Where noisy labels come from

Most fraud systems have the very sensible policy of innocent until proven guilty. In practice, there is probably a table somewhere that contains a list of all the confirmed fraud entities, and anything not on that list is therefore legitimate. Simplifying a bit, our labeling policy is something like “if it's in this fraud list then the label is 1, or if it's not in this list then the label is 0”.

Consider how labels change through time in the ideal case. Unless a bad actor is detected exactly at the point of account creation, they will have a legitimate label of 0 at some point. The fraud status will be identified in the future, and then the label will be changed from 0 to 1. In the period before we flip the label, we can say the entity had a “noisy label”. In other words, all bad actors have the wrong label at some time and the question is “for how long?" For a legitimate actor, they will start with and maintain the proper label. We can mistakenly mark legitimate actors as fraud, and this is also a source of label noise, but we assume here that these mistakes are rare compared to the amount of undetected fraud.

This is considered class-conditional label noise because the probability that our ground truth label is wrong (i.e., the “noise rate”) is different if the true class is “fraud” than if the true class is “legitimate”. Furthermore, we expect this noise rate to change with time since we will correct labels for bad actors as our detection systems identify them. In particular, the noise rate for labels of bad actors is initially 100%, and then decays according to the “time-to-detection” of our system. For example, if we identify 80% of the fraud within 7 days, the noise rate is reduced to 20% at that point.

Defining the training set

Let's consider the task of defining a training, validation and test dataset for the purposes of building an ML model. In general, we pull a snapshot of accounts at any given time and assign their labels based on the policy above. With class-conditional label noise, this setup implies that those with label==1 are accurately labeled, but those with label==0 consists of two populations: “truly legitimate” and “undetected fraud”. Assuming we don't want to train our model with incorrectly labeled examples, we face an immediate challenge: which of the label==0 population are reliably legitimate? The flip-side to this question is: which of the label==0 population are undetected fraud? However, if we had a good method for answering that question, we would have no need for a model in the first place!

In practice, I have seen three methods to make progress on this question.
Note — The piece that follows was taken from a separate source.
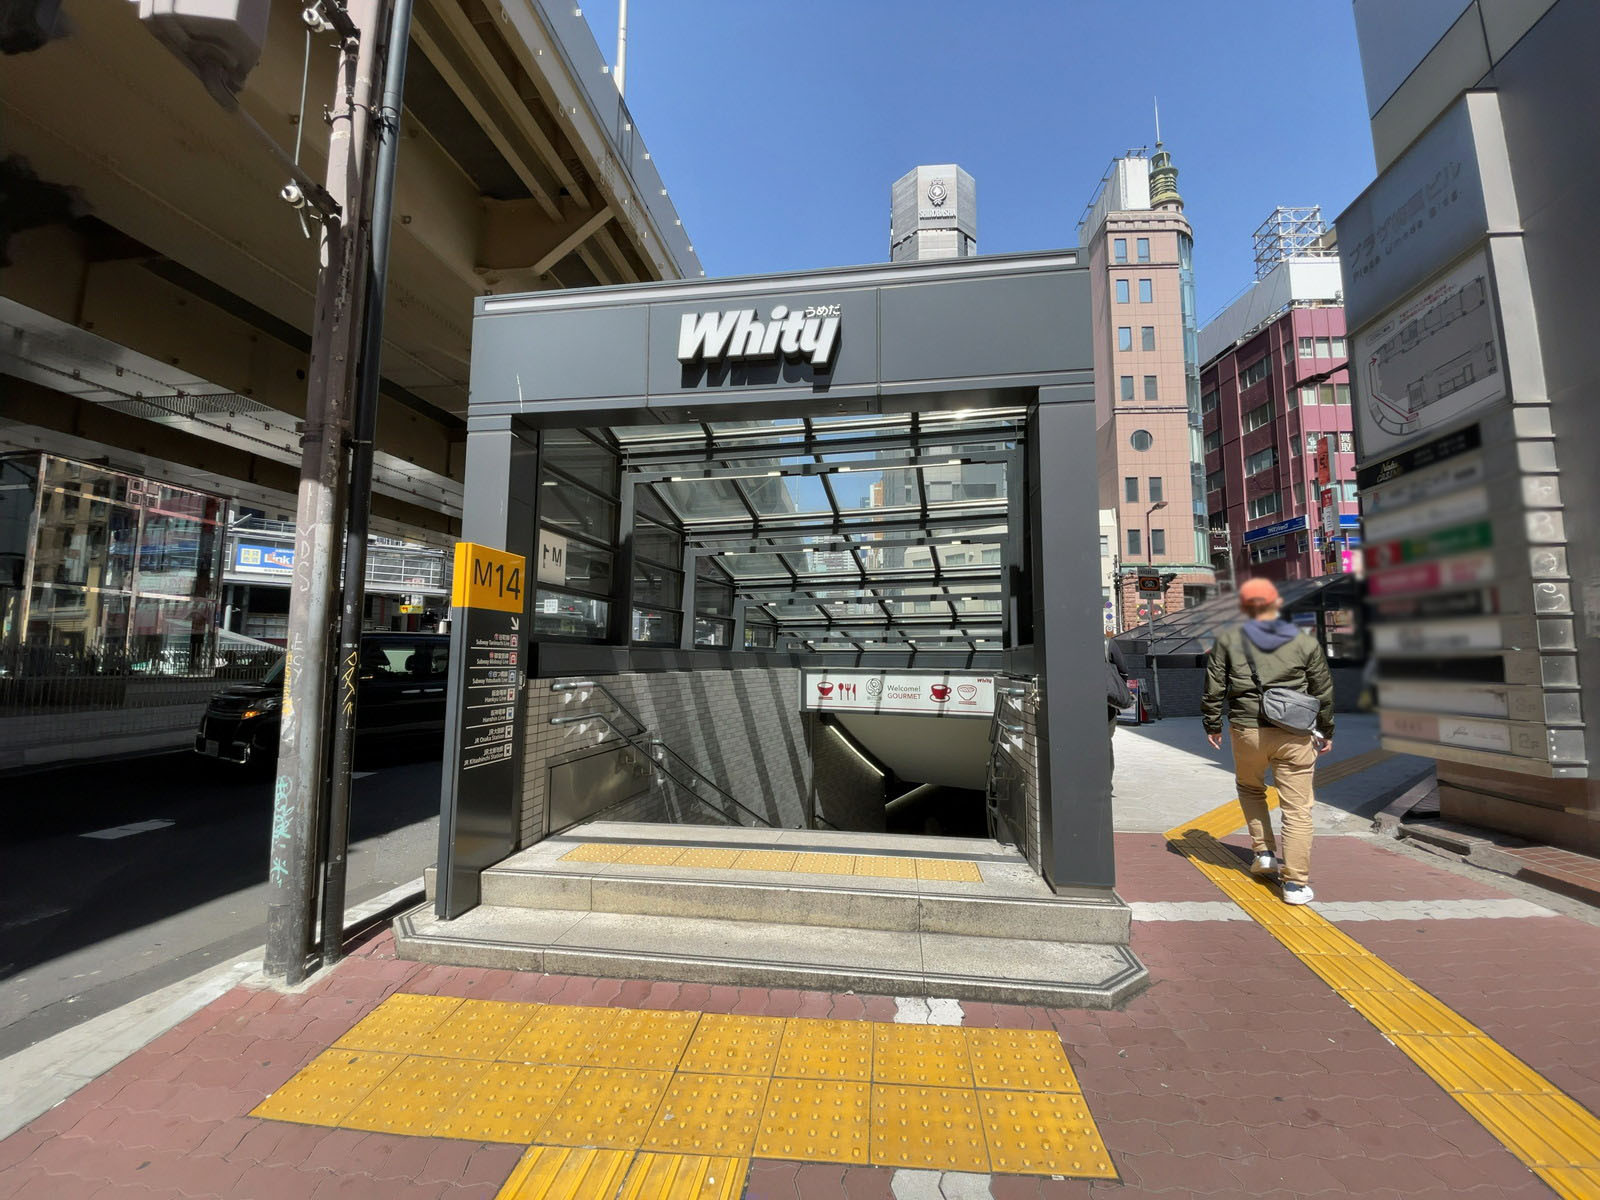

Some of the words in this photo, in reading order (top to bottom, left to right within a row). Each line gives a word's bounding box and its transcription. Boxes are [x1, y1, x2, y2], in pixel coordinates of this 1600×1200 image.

  1. Only use old data for training. This waits for our normal detection systems to identify fraud and therefore removes noise in the label==0 population. The appropriate time to wait depends on the detection systems and the target noise rate. The draw back is that if you only train on old data, your model may not learn the latest fraud patterns. However, one trick to get around this is to directly exploit the class-conditional nature and use different time periods for your label==0 and label==1 populations. Specifically, allow your label==1 population to span the full time range since these labels are reliable, but restrict the label==0 population to be old to reduce noise from undetected fraud. Using the most recent fraud labels is desirable because it gets the latest fraud patterns, and delaying the label==0 population is typically not a problem because legitimate actors have relatively stable behavior and therefore the model does not need the most recent legitimate data for learning.
  2. Use a heuristic to define “reliably legitimate” that will select a reliable subset of your label==0 population. This might be, for example, that the entity has paid the business >$10. Depending on the business, this might ultimately reduce to something similar to tactic 1, since it may take considerable time for a new account to accrue billing and pay. This example would not be effective if bad actors are willing to make small purchases as a tactic to avoid detection, and this will in turn depend on the economics of the situation.
  3. Filter based on an upstream model score with known performance characteristics. For example, if there's an “account registration” model and it's known that the fraud rate is less than 1% for the population where the score is less than 0.05, then we could filter the label==0 accounts to this sub-population. This establishes a dependency on this upstream model. Our filtering will only be as good as that model and we could bias our population in ways that are hard to understand.

In all cases, we must be careful with how these methods affect the resulting populations and therefore our results. For example, each of these methods is likely to change observed fraud rate compared to the baseline truth with no label noise. This will skew metrics that depend on relative population sizes, like precision, and we will therefore need to depend on metrics that are robust to population size differences, like Receiver Operating Characteristic (ROC) curves.

Model selection with label noise

Next, consider a situation with a population of undetected fraud in the validation/test sets. Let's say we have two models we want to compare: “Prod” (production) and “Research”. For the sake of illustration, let's say that the Research model identifies all the uncaught fraud of the Prod model in addition to all the correctly identified fraud, meaning the Research model is strictly better. We get scores on our test data, evaluate performance and see…the Prod model out-performs the Research model?!?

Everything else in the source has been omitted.